How One Brand Is Defying the Slow Fashion Slowdown


The last couple years haven’t been kind to slow fashion.

Brand after brand that prioritised fair pay, sustainably sourced fabrics and manufacturing in small quantities to eliminate waste has succumbed to a combination of rising costs and consumer indifference. Among the casualties in the last year alone: Ilana Kohn, Wray NYC, Alder Apparel, Ana + Zac and Esby Apparel.

Things may get worse before they get better. In surveys, fewer consumers list sustainability as a top priority when shopping. Tariffs may raise production costs and retail prices.

But for Eliza Faulkner, a slow fashion label based in Montreal, business has never been better. The designer’s ethereal, floaty frocks, sewn locally in small quantities from primarily natural fibres, can be found at Free People and on Rent the Runway, as well as their own store in Montreal’s trendy Mile End neighbourhood. Sales are projected to top $1.2 million this year, a nearly sevenfold increase since 2020, and the brand expects to turn a small profit.

What‘s her secret?

More than anything, Faulkner lets her clothes speak for themselves. Since founding her brand in 2012, she’s relied less and less on flaunting her sustainability credentials to win customers, cultivating a dedicated following who obsess over her deceptively delicate designs.

“Her clothes make you feel like the coolest girl on the street,” said Emma Kent, an Ottawa-based YouTube cycling creator and self-professed Eliza Faulkner superfan. “Her pieces have these elements that spark joy and playfulness but they also feel somehow practical.”

Faulkner and her longtime partner and chief executive Arin Gintowt have also taken a slow approach to growing their business, especially as the brand started to gain traction during the sustainability craze of the late 2010s and early 2020s. They even scaled back production at one point to avoid being overstretched financially if the market turned.

Now, though, Faulkner and Gintowt are ready to seize the moment.
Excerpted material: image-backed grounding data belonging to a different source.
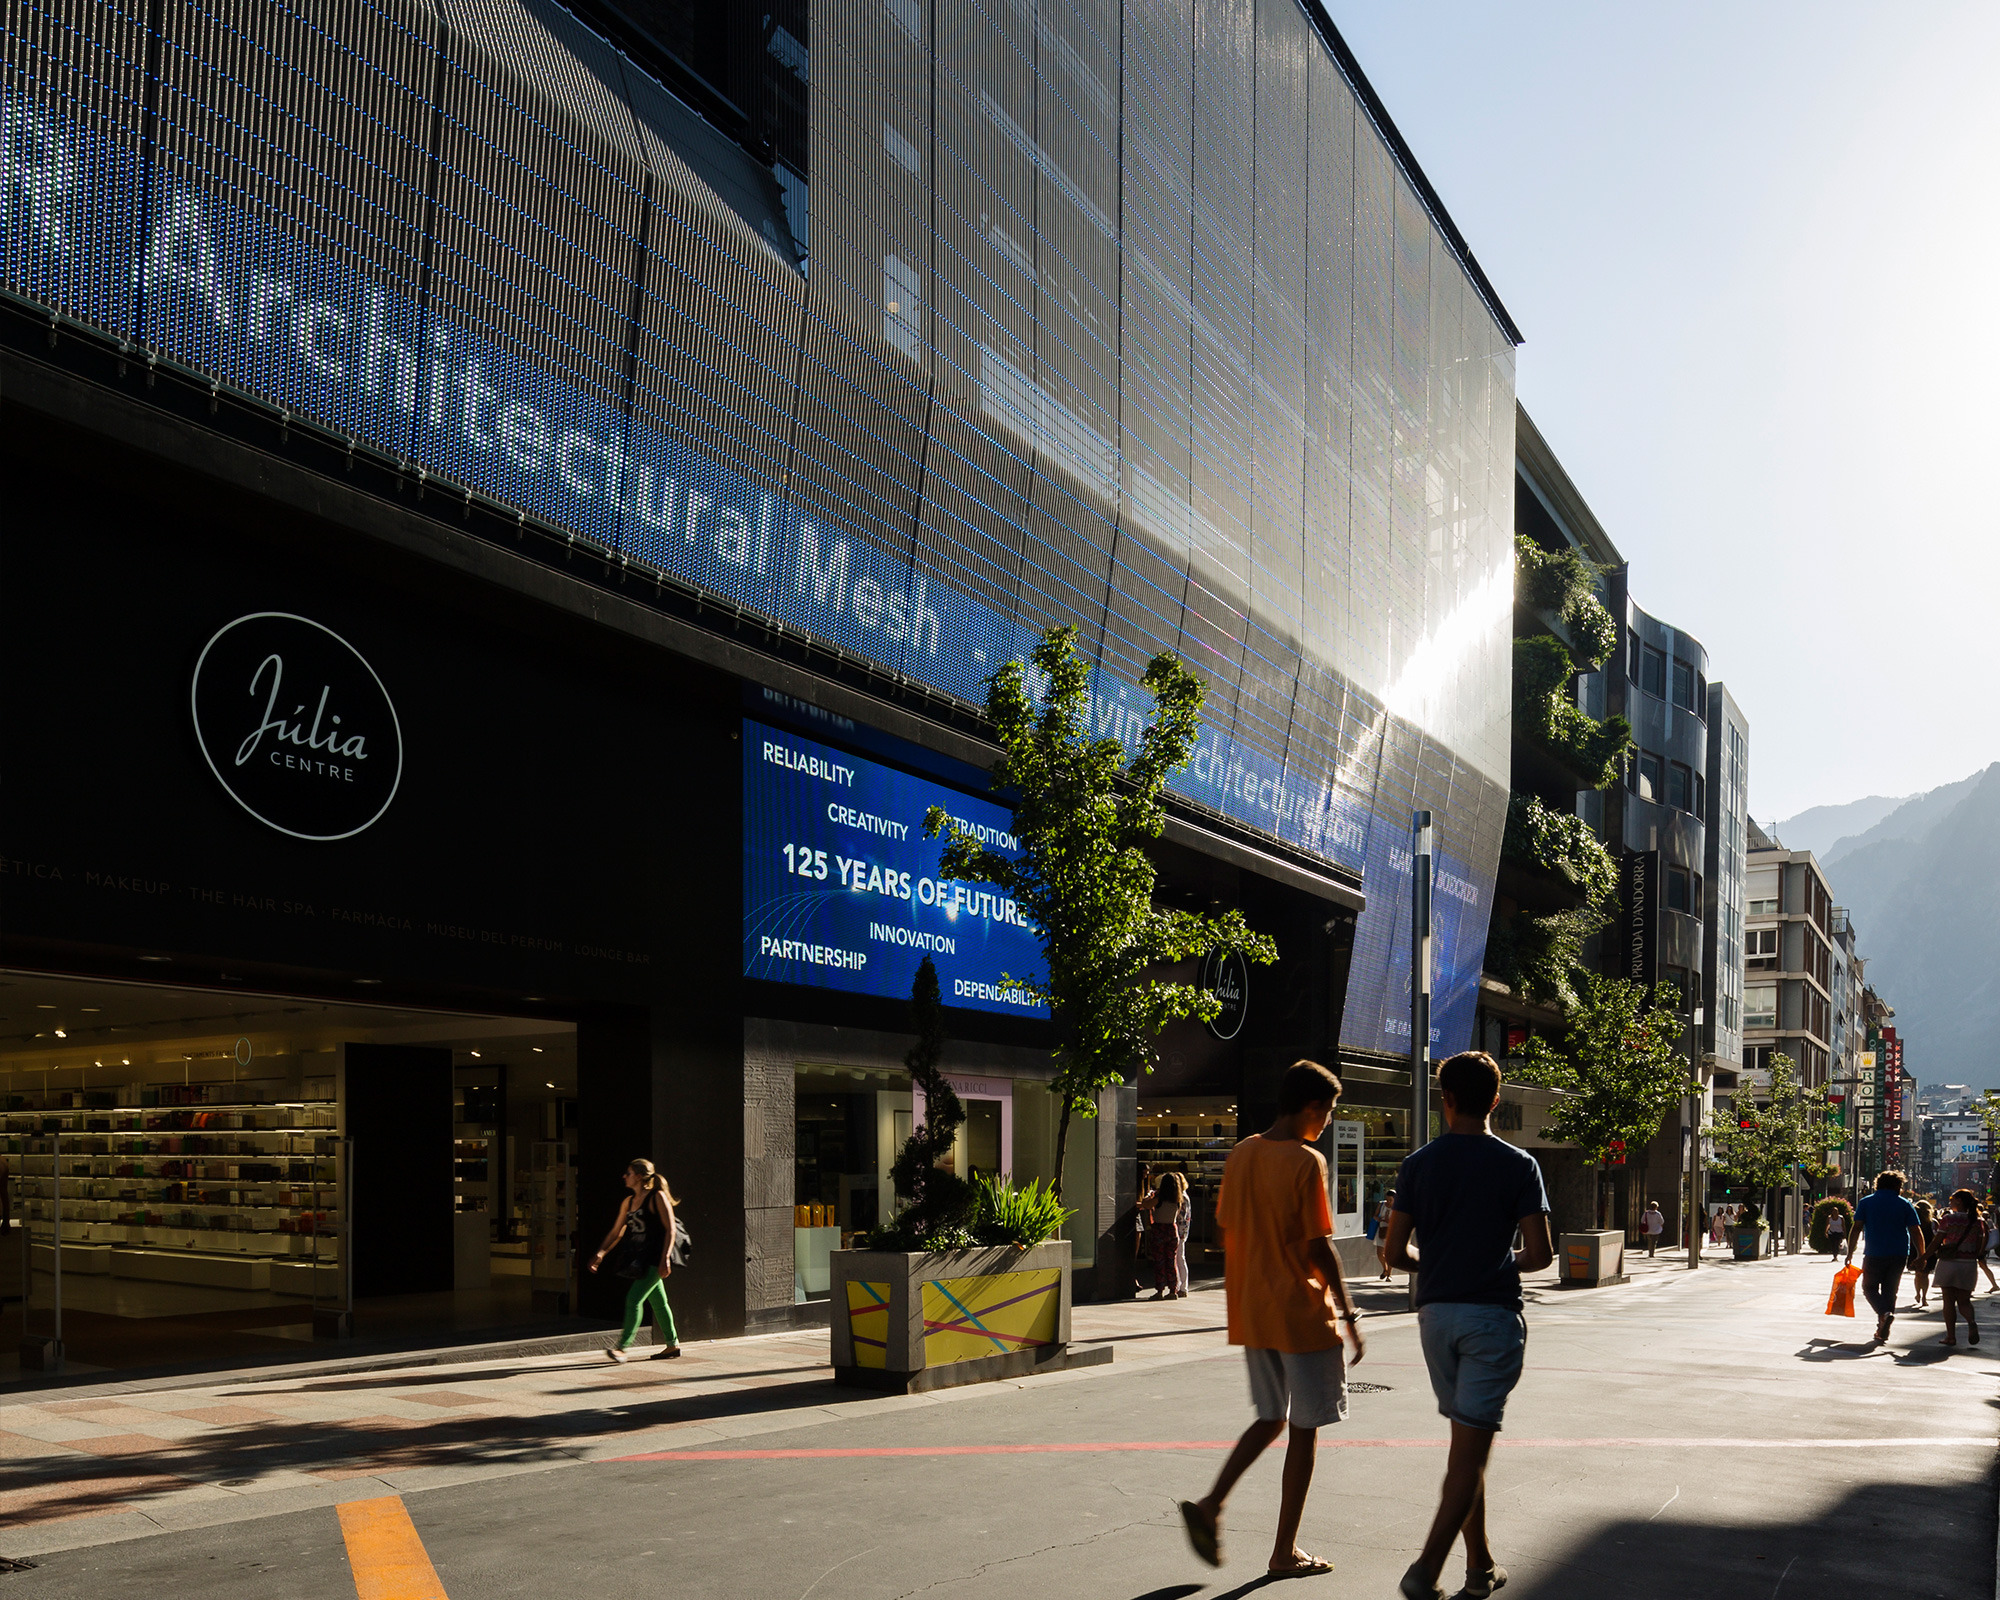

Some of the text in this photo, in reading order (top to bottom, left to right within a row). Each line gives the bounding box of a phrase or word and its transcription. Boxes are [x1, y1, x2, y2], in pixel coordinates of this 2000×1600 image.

[132, 188, 770, 577] Architectural
[794, 520, 940, 657] Mesh
[235, 654, 368, 766] Júlia
[270, 752, 354, 782] CENTRE
[763, 741, 855, 787] RELIABILITY
[827, 803, 909, 841] CREATIVITY
[953, 816, 1018, 851] TRADITION
[783, 843, 1028, 928] 125 YEARS OF FUTURE
[86, 871, 171, 895] MAKEUP
[190, 886, 226, 905] THE
[233, 893, 277, 911] HAIR
[281, 900, 316, 917] SPA
[331, 907, 413, 931] FARMÀCIA
[426, 921, 475, 941] MUSEU
[481, 930, 507, 945] DEL
[511, 935, 563, 952] PERFUM
[574, 944, 624, 961] LOUNGE
[627, 951, 650, 964] BAR
[869, 922, 956, 956] INNOVATION
[761, 935, 868, 971] PARTNERSHIP
[1632, 930, 1645, 978] PRIVADA
They’ll release a capsule collection in June with Simons, a Quebec department store chain. They are also planning the brand’s second store, in Toronto. After avoiding taking on outside investors — “we’ve been funded by adrenaline for the past seven years,” said Gintowt — they’re now looking for outside funding.

The brand has come a long way since its founding in 2012, on a ping-pong table in Faulkner’s father’s Vancouver Island living room, with her mother co-signing a $15,000 line of credit.
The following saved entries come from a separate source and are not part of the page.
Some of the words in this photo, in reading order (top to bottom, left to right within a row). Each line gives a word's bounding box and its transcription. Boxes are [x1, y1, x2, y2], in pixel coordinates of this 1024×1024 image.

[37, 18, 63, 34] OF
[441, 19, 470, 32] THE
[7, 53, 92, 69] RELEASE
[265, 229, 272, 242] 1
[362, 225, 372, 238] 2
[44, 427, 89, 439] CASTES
“You’ve got to do really, really incremental steps,” Gintowt said. “We’re essentially fighting for people’s dollars, so what you have to do as a tiny brand is produce as much as you can, then bust your ass to sell it all.”

Humble Beginnings

Faulkner, a Central Saint Martins graduate, said from the start, she wanted to design sustainable clothing that didn’t look sustainable.

“Everything was very greige,” she said of the eco-friendly togs available at the time.

Early on she began to hone her now signature aesthetic of dreamy, decadent dresses with feminine flourishes such as puffed sleeves and Peter Pan collars.

Faulkner’s designs may be frilly, but they’re distinctly unfussy. The Eliza Faulkner woman has an unconventional sense of style but also needs to feel comfortable.

“I can’t create or even think when something is too tight. I’m running around with kids, picking them up, walking everywhere,” she said. “I’m definitely my customer.”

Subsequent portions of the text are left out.